▸ What this task involves
Skip the images and restate every line of the records exactly.

[Given records Boundary: Start]

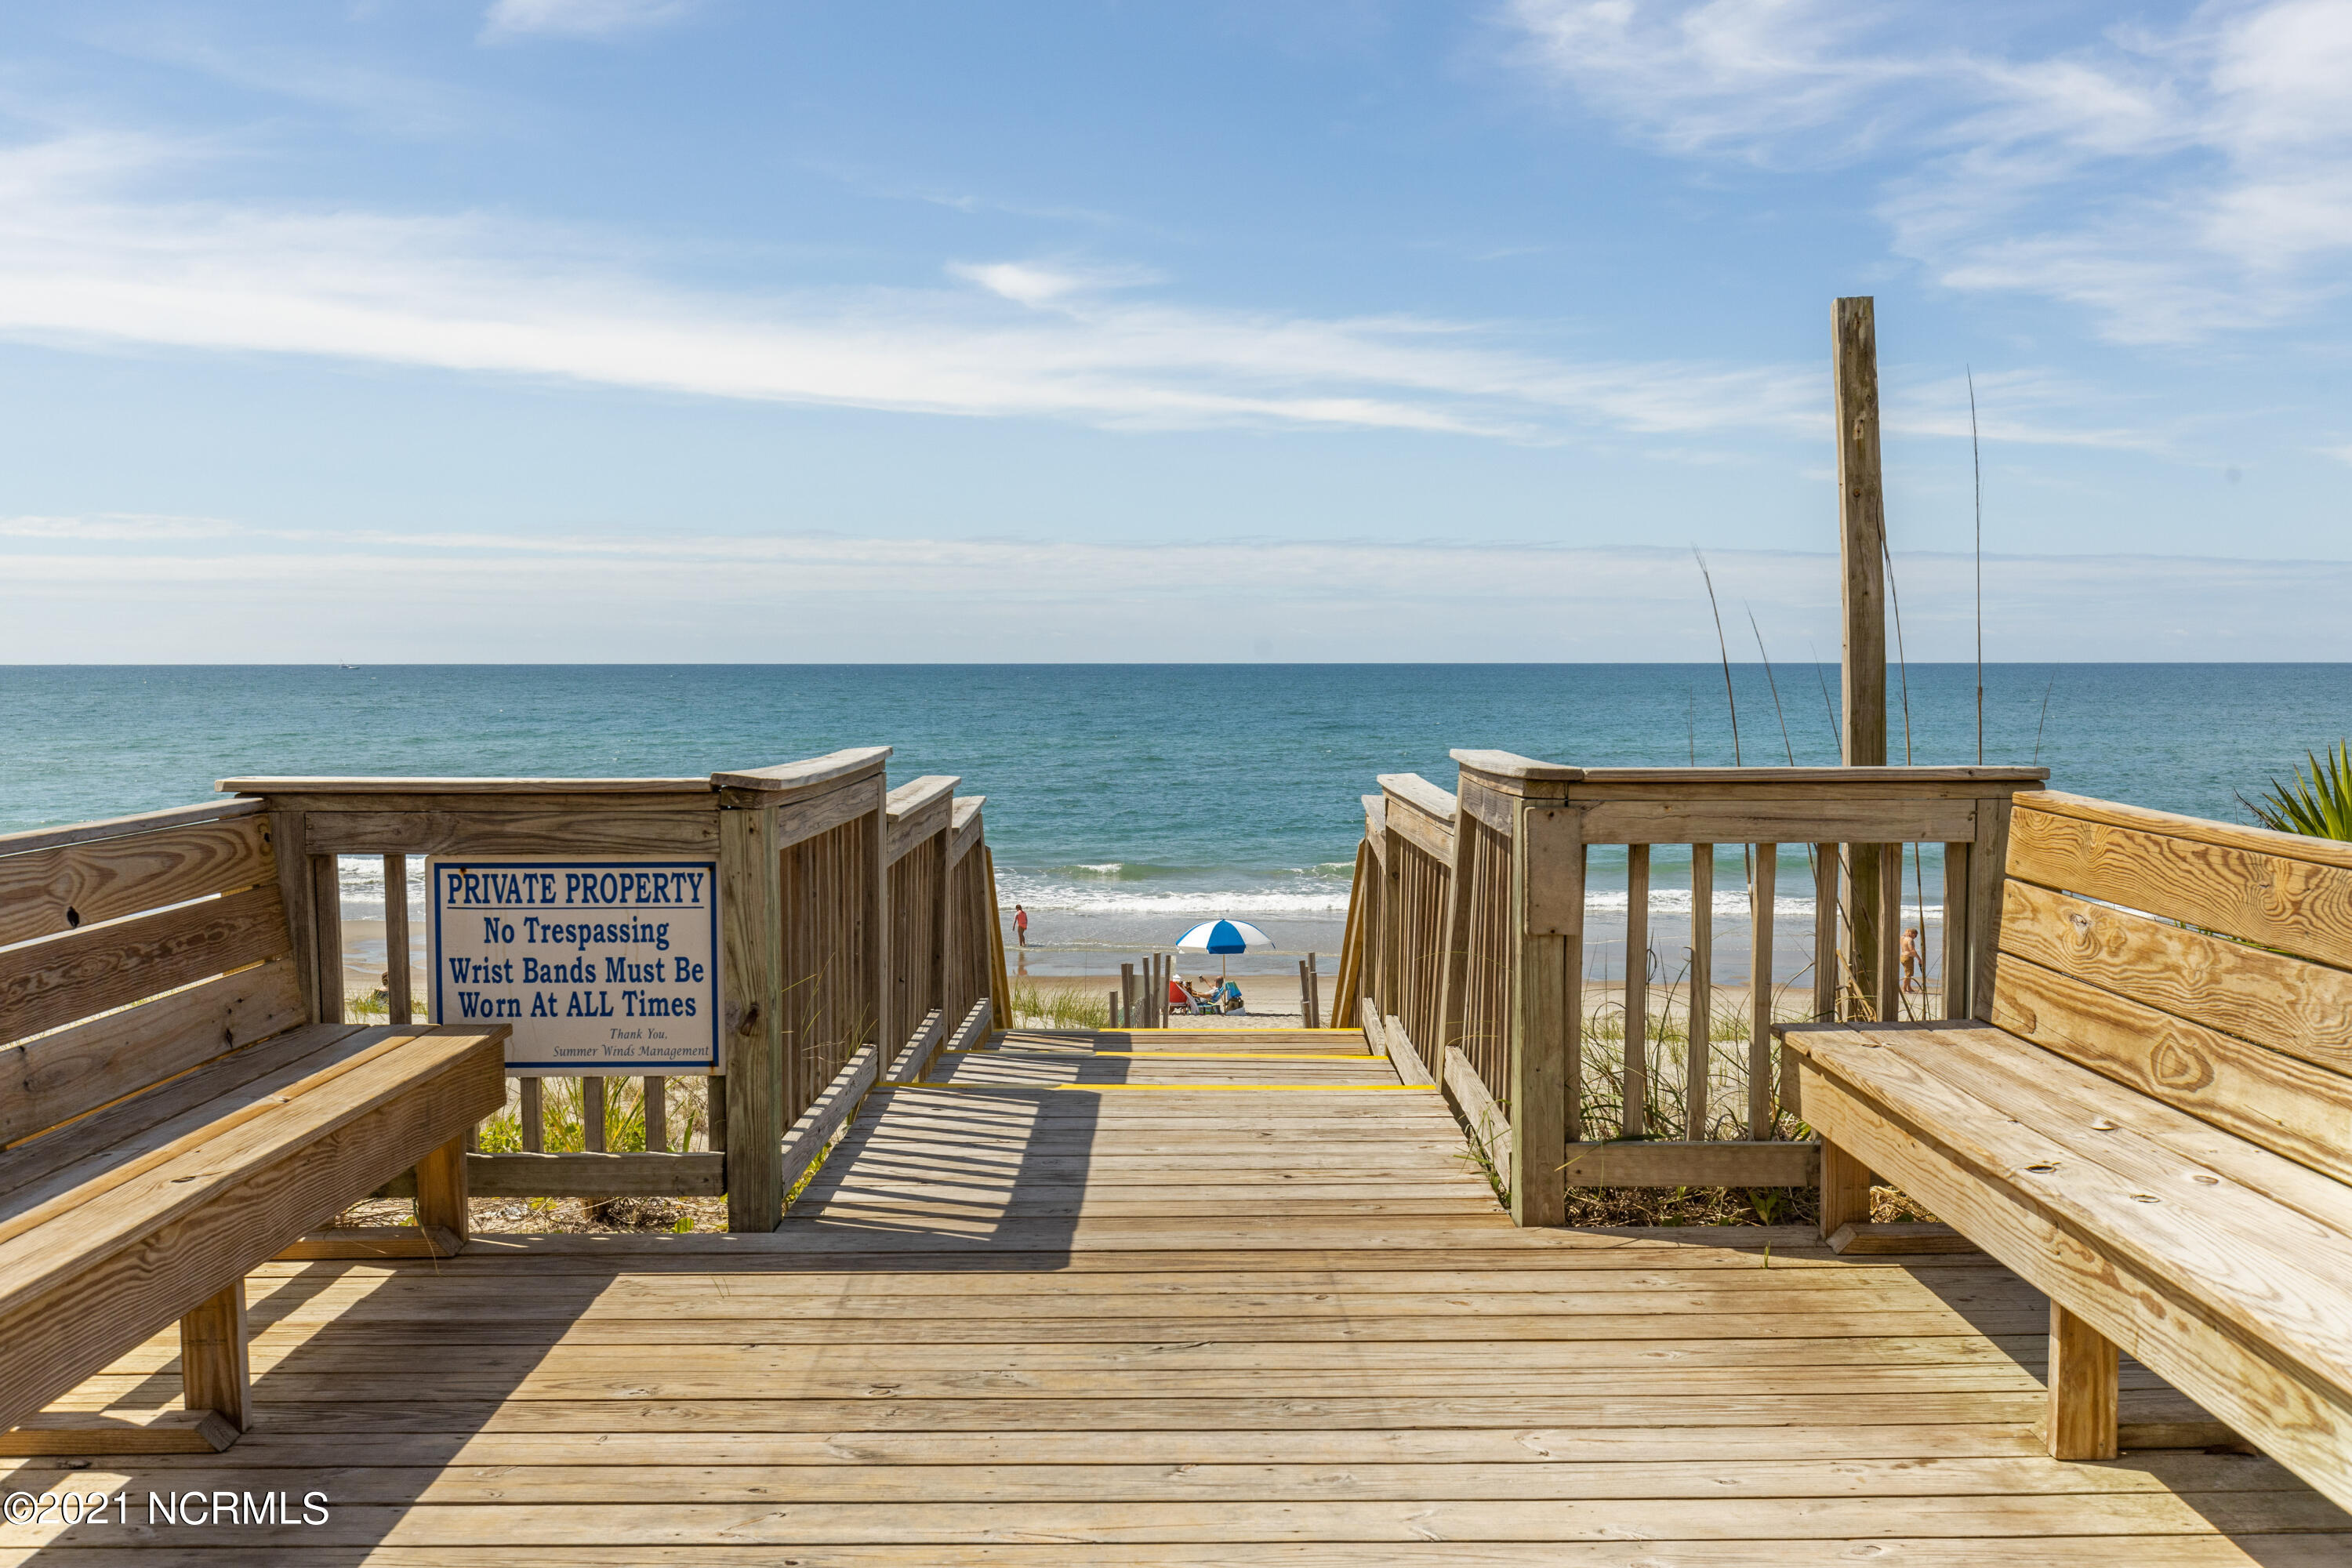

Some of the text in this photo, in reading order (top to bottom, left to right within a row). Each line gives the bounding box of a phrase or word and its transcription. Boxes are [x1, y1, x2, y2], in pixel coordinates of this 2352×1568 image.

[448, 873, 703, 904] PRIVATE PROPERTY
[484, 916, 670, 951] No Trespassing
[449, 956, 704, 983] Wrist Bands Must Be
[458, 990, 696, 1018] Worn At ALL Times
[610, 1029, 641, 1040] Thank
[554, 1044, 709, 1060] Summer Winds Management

[Given records Boundary: End]

▸ Exercise output
Some of the text in this photo, in reading order (top to bottom, left to right within a row). Each line gives the bounding box of a phrase or word and its transcription. Boxes are [x1, y1, x2, y2], in pixel coordinates of this 2352×1568 image.

[448, 873, 703, 904] PRIVATE PROPERTY
[484, 916, 670, 951] No Trespassing
[449, 956, 704, 983] Wrist Bands Must Be
[458, 990, 696, 1018] Worn At ALL Times
[610, 1029, 641, 1040] Thank
[554, 1044, 709, 1060] Summer Winds Management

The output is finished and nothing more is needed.